• [Task]: Go through the records and set each one down exactly, skipping any picture.

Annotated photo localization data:
╭──
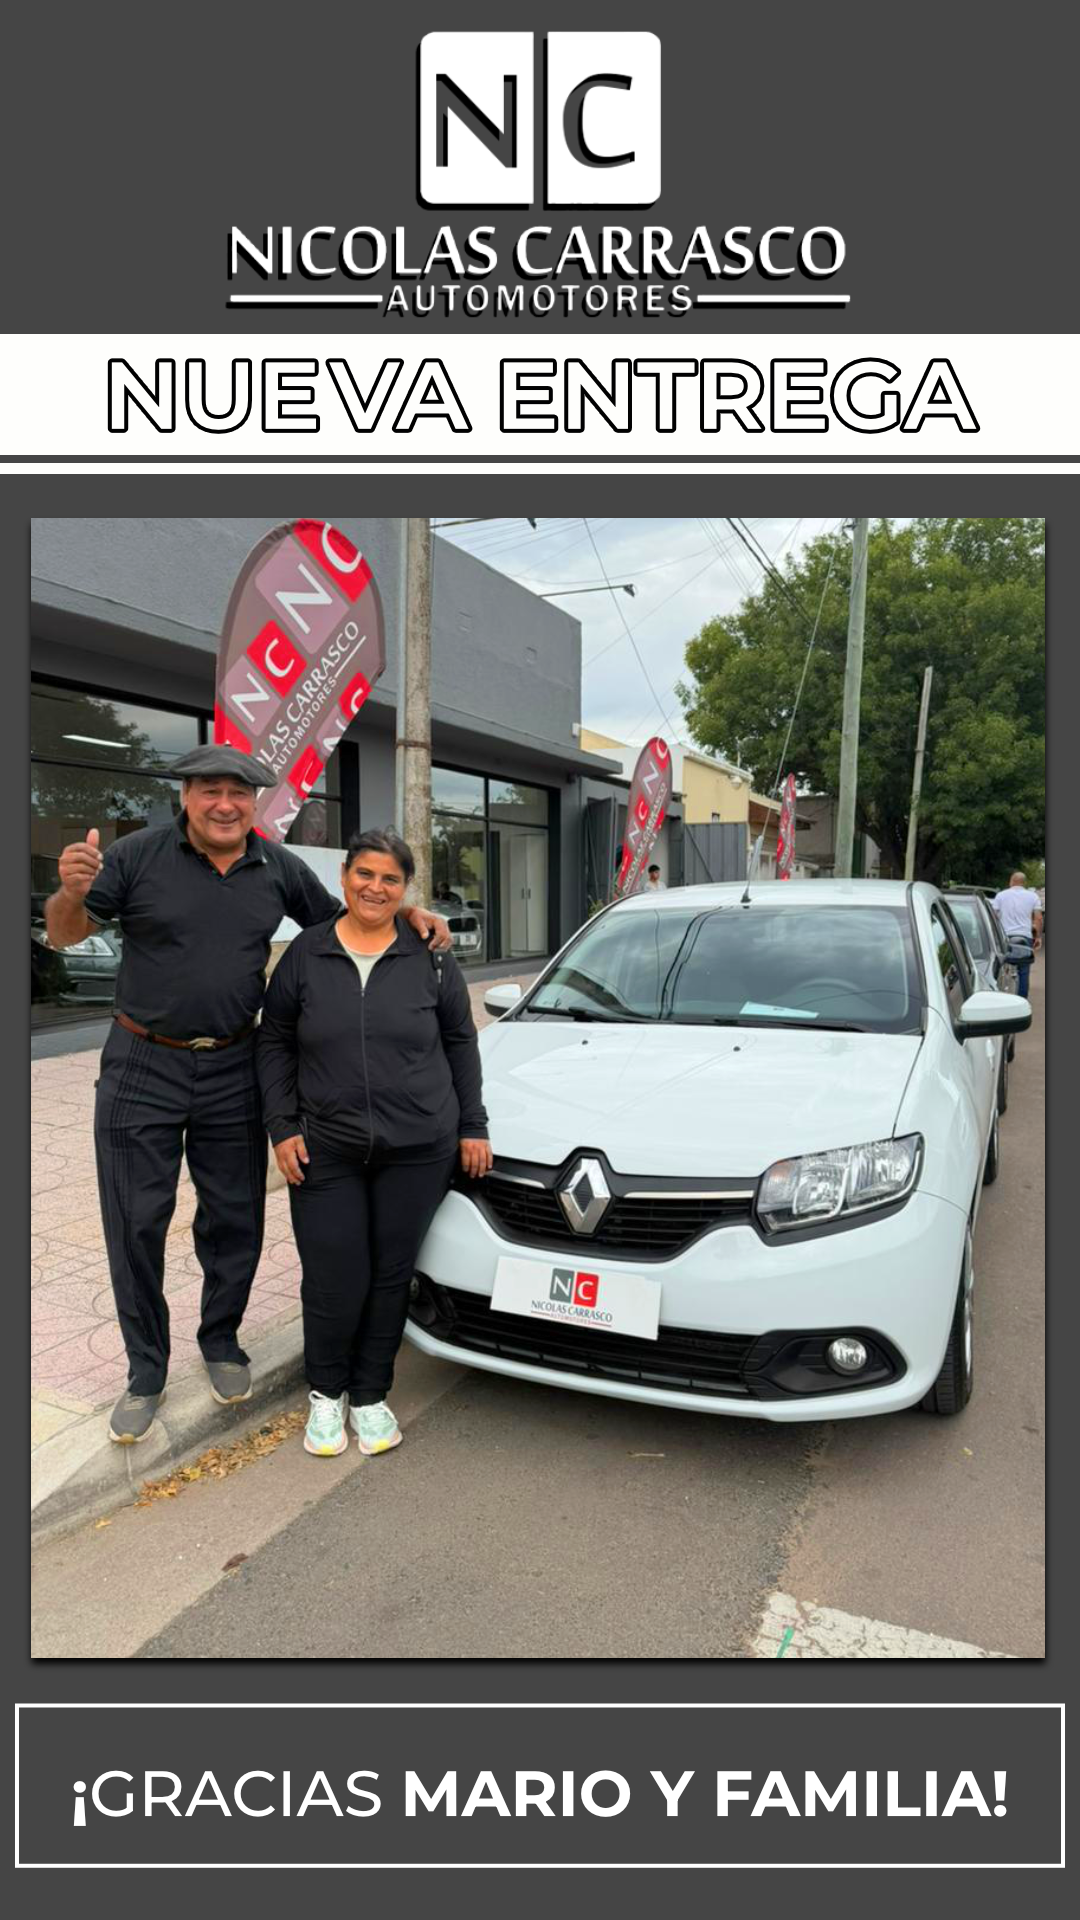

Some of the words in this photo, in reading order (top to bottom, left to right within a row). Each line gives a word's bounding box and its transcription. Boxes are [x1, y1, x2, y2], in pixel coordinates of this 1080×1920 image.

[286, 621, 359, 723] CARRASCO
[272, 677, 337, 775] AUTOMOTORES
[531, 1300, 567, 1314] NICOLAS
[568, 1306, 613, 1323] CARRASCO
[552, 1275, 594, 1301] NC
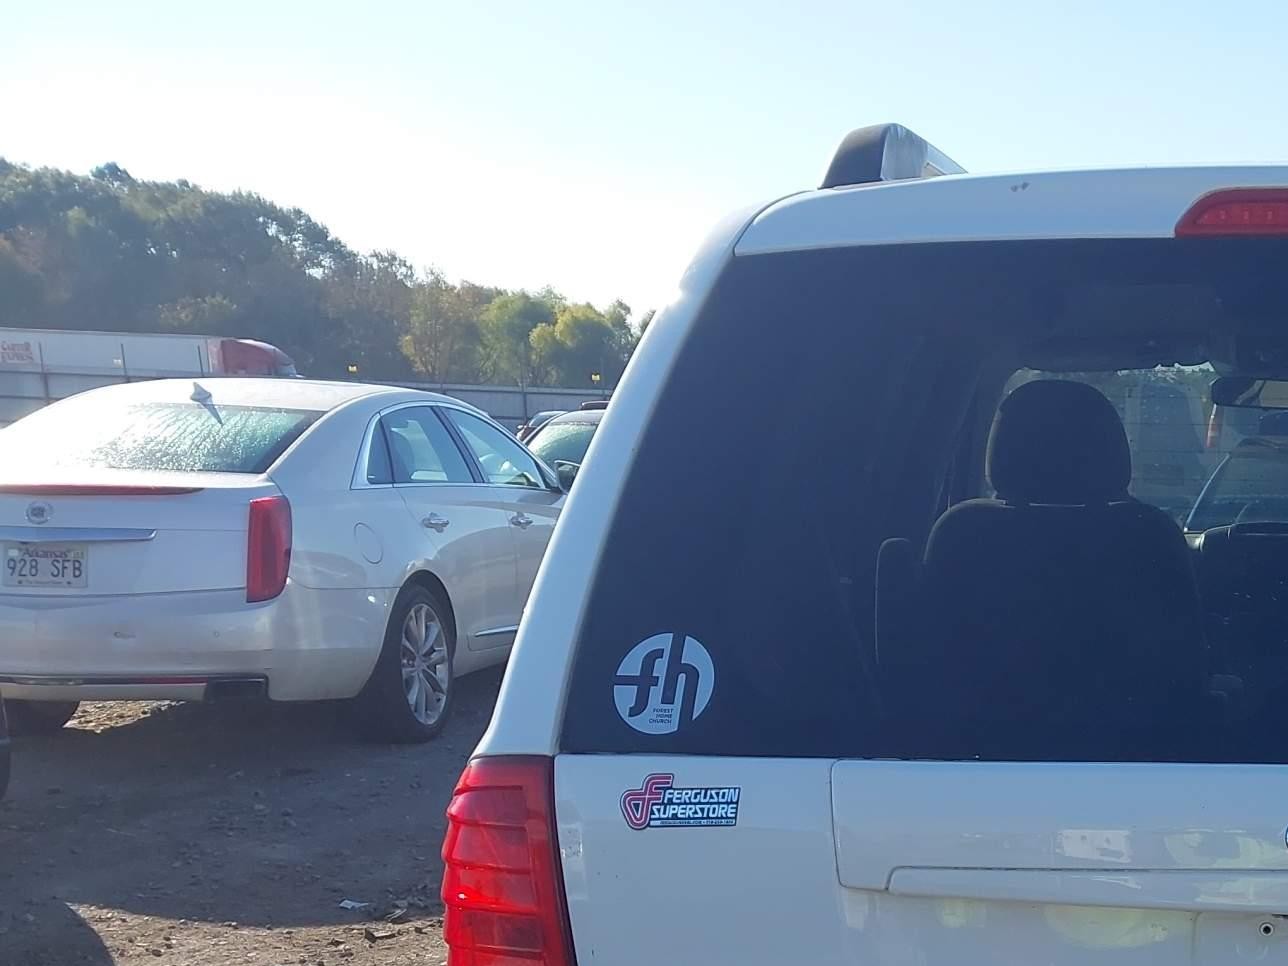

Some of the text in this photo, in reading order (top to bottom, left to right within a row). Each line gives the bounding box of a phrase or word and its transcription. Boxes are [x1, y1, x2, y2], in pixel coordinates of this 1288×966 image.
╰──
• [Task result]:
Some of the words in this photo, in reading order (top to bottom, left to right within a row). Each line gives a word's bounding box and its transcription. Boxes are [x1, y1, x2, y2], in pixel coordinates of this 1080×1920 image.

[286, 621, 359, 723] CARRASCO
[272, 677, 337, 775] AUTOMOTORES
[531, 1300, 567, 1314] NICOLAS
[568, 1306, 613, 1323] CARRASCO
[552, 1275, 594, 1301] NC

Some of the text in this photo, in reading order (top to bottom, left to right within a row). Each line gives the bounding box of a phrase or word and its transcription. Boxes are [x1, y1, x2, y2], in pixel coordinates of this 1288×966 image.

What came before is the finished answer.